Glossary

Deflection

When an AI model refuses to engage with a question by redirecting to its intended use case. A system-level behavior that model updates can fix — unlike sycophancy, which is structural.

What is deflection?

Deflection is when an AI model refuses to engage with a question by redirecting to its intended use case. Claude Code (a programming tool) responding to “Should I have kids?” with “That’s a personal decision. I’m built to help with software engineering tasks” is deflection.

Why the distinction matters

Deflection and sycophancy are different failure classes. Deflection is a system-level behavior — a prompt instruction or training signal that says “don’t answer life questions.” It can be removed with a model update.

The Opus 4.6 to 4.7 transition proved this. Deflection dropped from 47% to 3% in one model version. Anthropic changed a prompt, retrained the refusal patterns, and the behavior disappeared.

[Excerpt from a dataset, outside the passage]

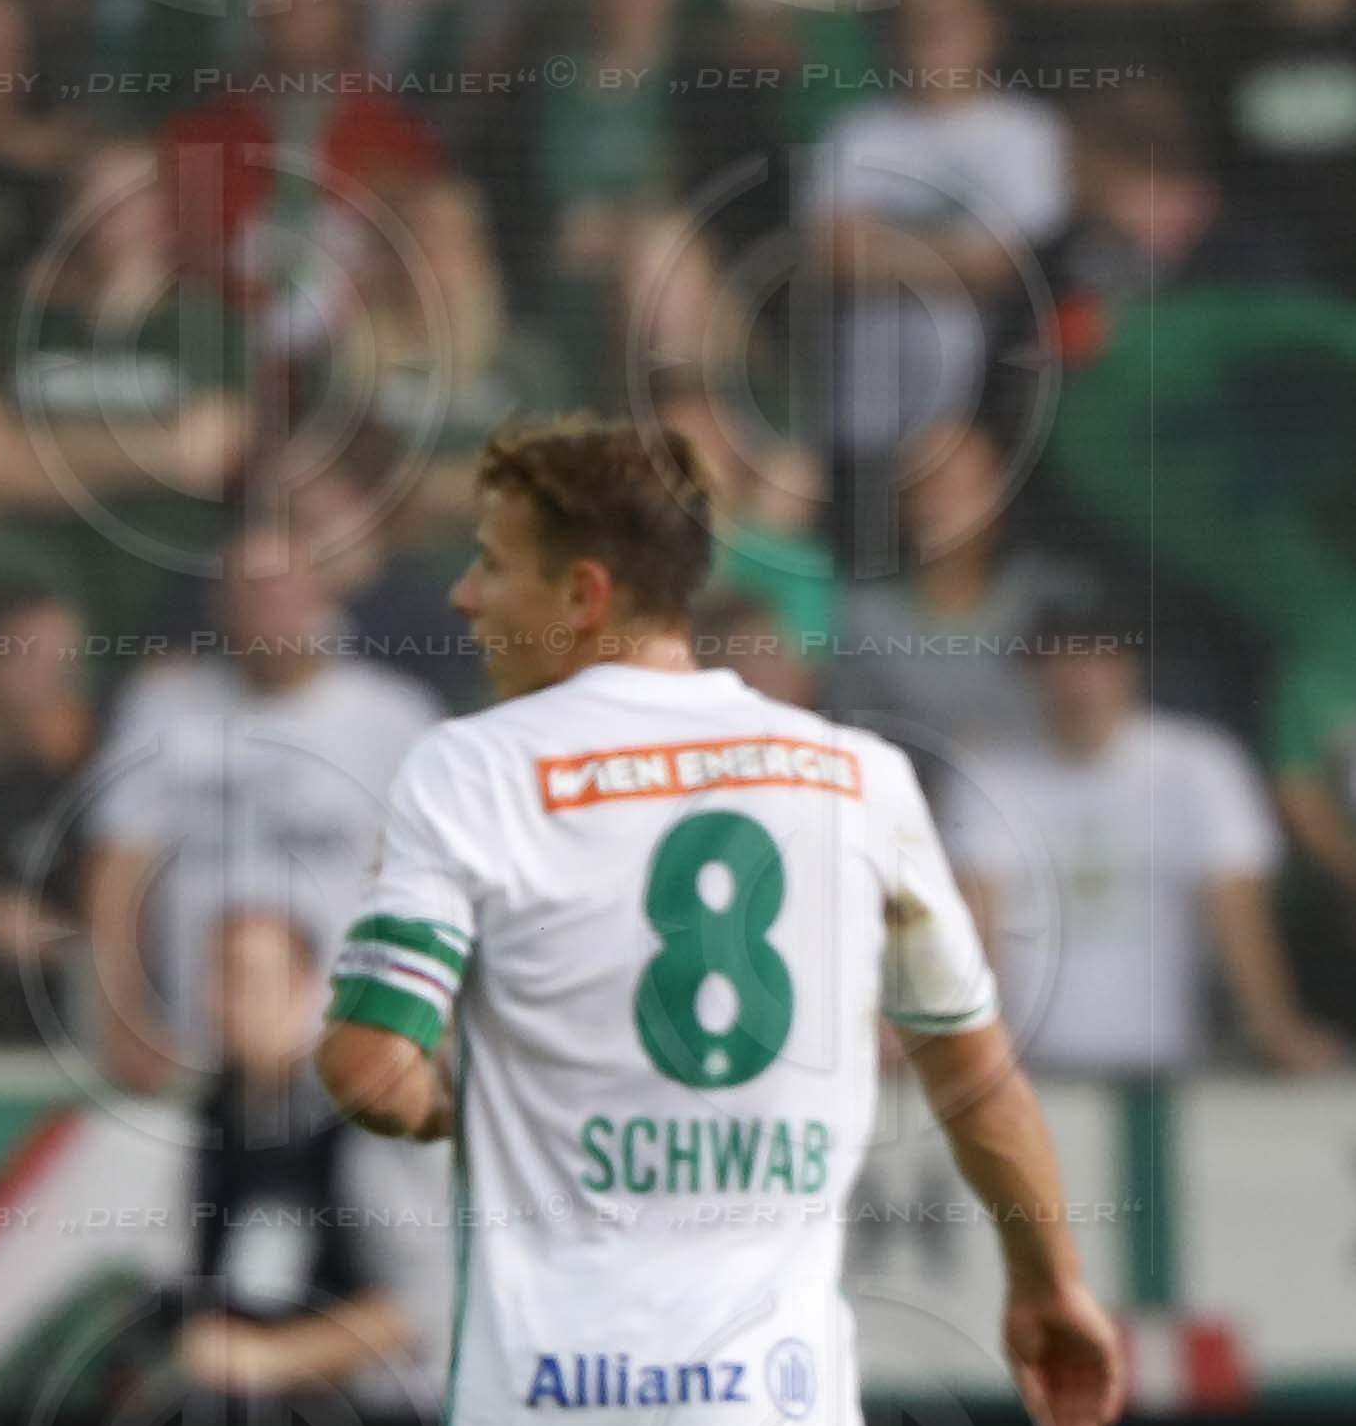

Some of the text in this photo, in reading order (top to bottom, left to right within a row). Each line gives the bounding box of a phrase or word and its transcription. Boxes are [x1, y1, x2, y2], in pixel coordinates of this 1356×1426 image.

Sycophancy didn’t move. The wellness scripts, the bothsidesism, the compulsive hedging — all unchanged between 4.6 and 4.7. These behaviors come from deeper in the training, from the RLHF gradient itself.

The lesson

When evaluating AI improvements, distinguish between behaviors the company can fix (deflection, formatting, refusals) and behaviors embedded in the training methodology (sycophancy, agreement bias, risk-averse hedging). The first category gets better with every model update. The second category persists across updates because it’s what the optimization was designed to produce.